Deciding when to conclude the search - and how to refine the grid - is always a key question. I explored different options and settled on a maximum of 6 iterations, using a 3x3 grid with spacing halving each time, based on the "hot" zone extremes. I also included a threshold for early termination, but with only 6 iterations and the search being fast, I set it so low it's rarely triggered. More detail is in the grid search parameter experimentation section after the results.

Plotting routes from each grid point to the start locations is straightforward with OSMnx, it uses Dijkstra's algorithm by default to find the shortest path along the road network. This assumes the plotted route from the edge of the privacy zone to the true start is the shortest path - a reasonable assumption since most people head straight away from home at the start of an activity.

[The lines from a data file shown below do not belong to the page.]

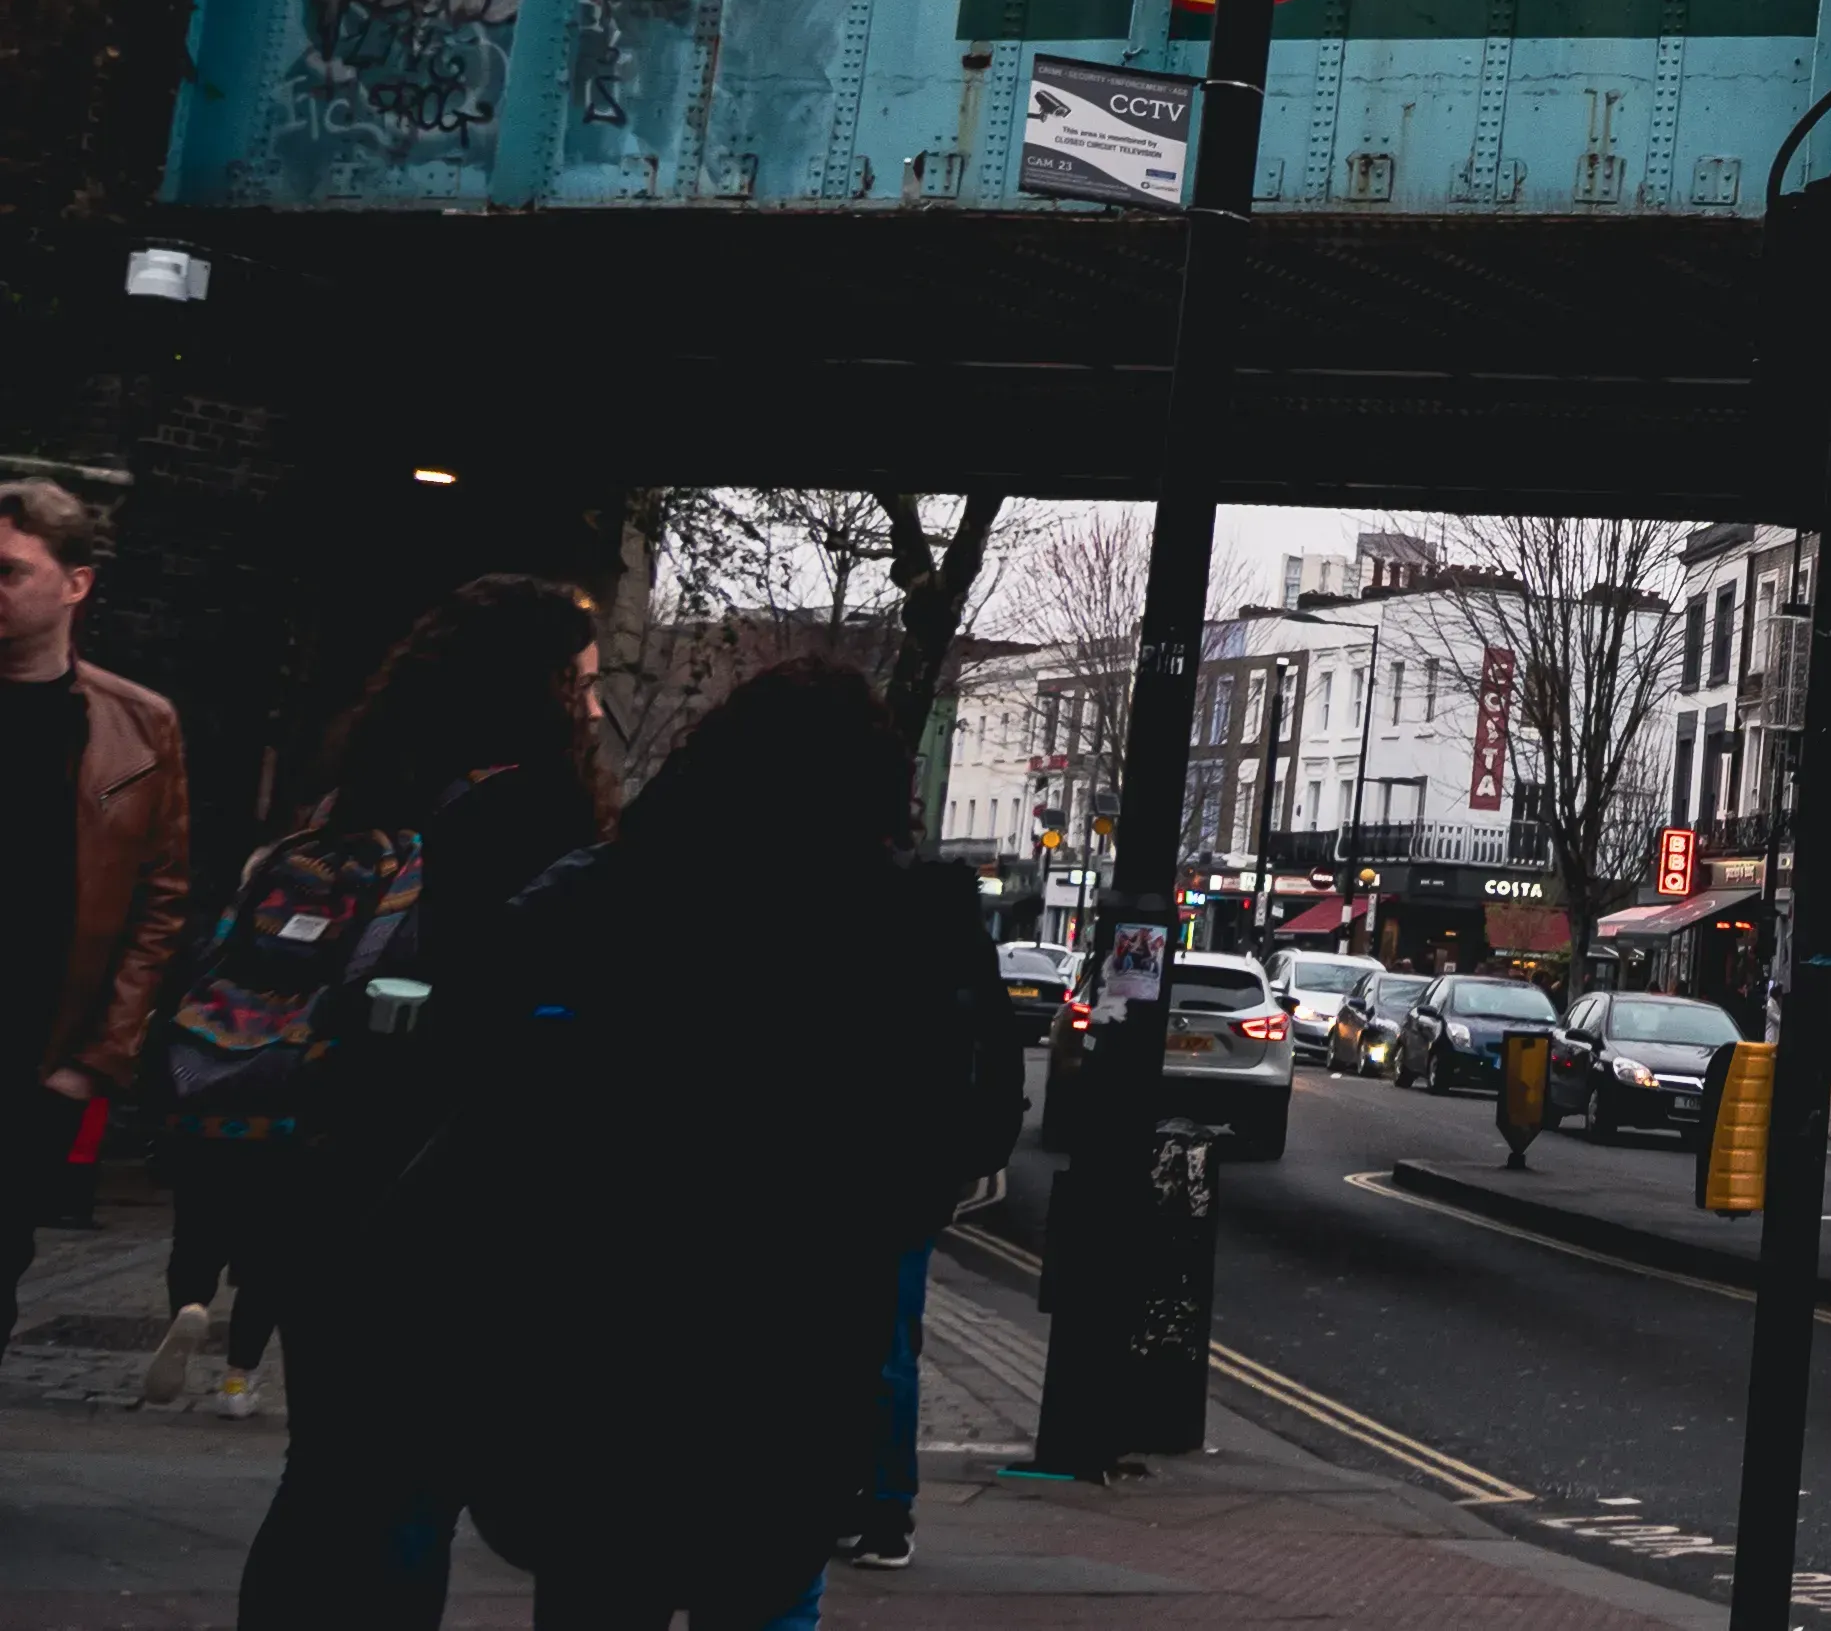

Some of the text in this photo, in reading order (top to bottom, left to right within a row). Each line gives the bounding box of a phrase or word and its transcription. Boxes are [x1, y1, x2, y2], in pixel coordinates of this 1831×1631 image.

[1109, 94, 1186, 122] CCTV
[1054, 135, 1086, 147] CLOSED
[1119, 145, 1163, 159] TELEVISION
[1062, 125, 1079, 136] This
[1080, 129, 1098, 139] area
[1106, 133, 1147, 146] monitored
[1147, 139, 1158, 150] by
[1027, 155, 1073, 171] CAM 23
[1664, 835, 1686, 890] BBQ
[1484, 879, 1543, 898] COSTA

The final step is looping through all grid points (snapped to the nearest point in the road network), plotting routes to each start location, calculating errors and selecting the grid point with the lowest error. I use Root Mean Square Error (RMSE) as the metric:

RMSE = \sqrt{\frac{1}{n}\sum_{i=1}^{n}(d_{hidden}^{(i)} - d_{plotted}^{(i)})^2}

Calculating the hidden distance uses the Strava metadata on the activity. The activity distance includes the portion inside the privacy zone (since people don't want to lose this from their activity) and the downloaded route excludes it. Subtracting the plotted route distance from the total activity distance gives the distance covered in the privacy zone. I divide this by two, since it accounts for both the start and end of the activity, giving an approximate hidden distance for the start portion.

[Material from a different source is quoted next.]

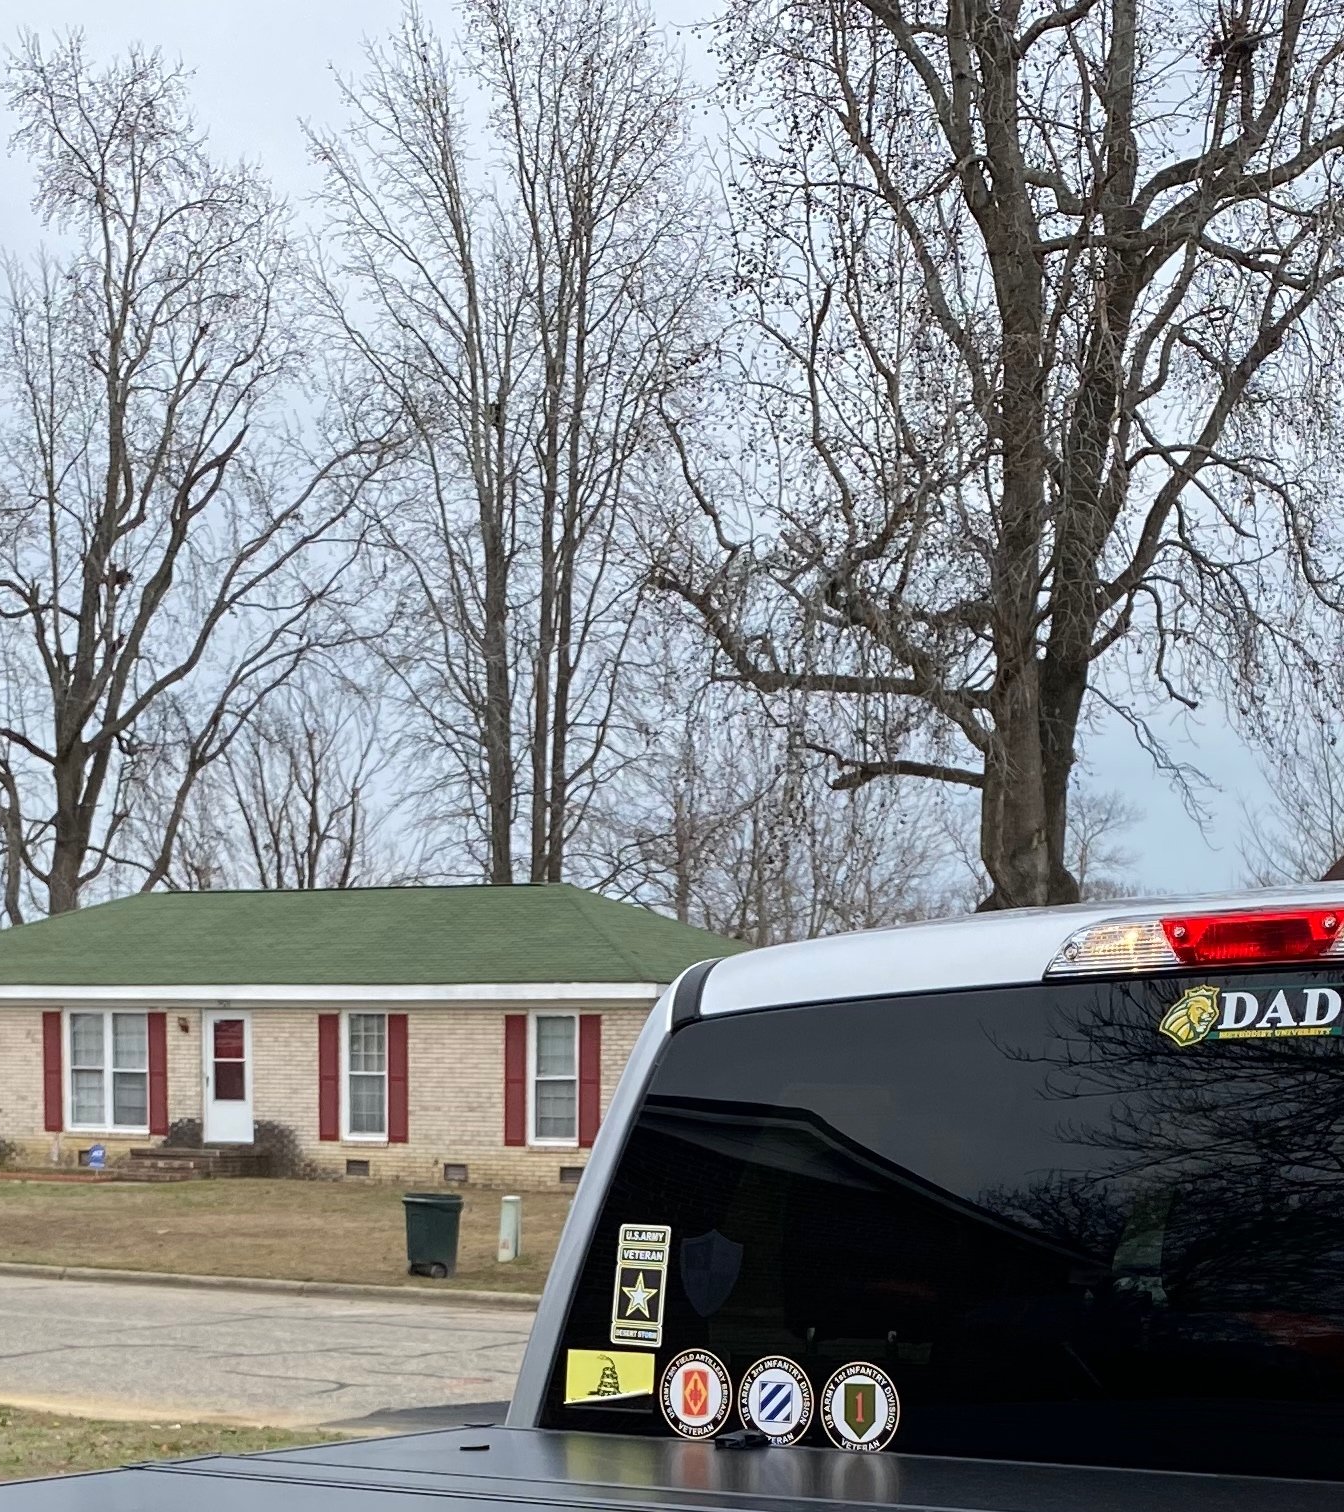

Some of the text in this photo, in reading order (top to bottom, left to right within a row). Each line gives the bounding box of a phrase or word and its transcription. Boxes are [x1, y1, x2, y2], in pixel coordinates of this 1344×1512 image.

Hidden Distance Calculation

The Early Snags

I tried this approach, but ran into a few issues.

First, OSMnx's route plotting algorithm isn't great. It often takes the long way around, which makes the plotted route distances inaccurate - a problem, since this method relies on precise distances. There are a few reasons for this: it's a simple algorithm, the road network data isn't always detailed enough, and in some areas (especially rural ones) the graph coverage is limited - I even saw roads missing entirely. On top of that, the accuracy of edge lengths can vary, which further skews results.

The solution was to run a local OSRM server as the routing engine. This is lightweight, much more accurate than OSMnx, and faster. I downloaded the OSM data for each start location area, loaded the appropriate OSRM profile (car, but foot or bike could work too), and made route calculations via HTTP requests GET /route/v1/{profile}/{lon1},{lat1};{lon2},{lat2}. This gave the precision I needed for the method to function properly.

During some early city runs, I got perfect predictions - 0.0m error - which immediately seemed suspicious. The issue was with snapping: both the true start location and the grid points were snapping to the same point on the map, giving an unfair advantage. I could have regenerated the routes, but a better fix was to improve snapping. By default, grid points snap to the nearest node or junction, but I rewrote the algorithm to snap to the nearest edge instead. Points are then projected onto the edge, so they can sit mid-edge rather than only at nodes.

Finally, I experimented with different error metrics. Some produced wildly different results, so I stuck with RMSE. It proved the most consistent and reliable across the board.

Results

City

Here are the results for the homing method in the city location.

I expected this method to perform well in the city, but not dramatically better than the geometric methods. With a good distribution of start points, the geometric methods already do reasonably well. I also assumed the abundance of possible routes might make the homing method prone to small errors.

Surprisingly, it did better than I expected. The homing method predicted the start location most accurately of all the methods - to within 18.5m, 10m closer than the best geometric approach.

I also tested larger privacy zones, up to 800m. For a 400m privacy zone, the predicted start was 57.6m from the true location; for 800m, it was 246.3m away. The 800m result is noticeably worse than the geometric methods (Adaptive Donuts Method: 188.6m, being the current worst), while the 400m prediction falls roughly in the same range as the geometric approaches.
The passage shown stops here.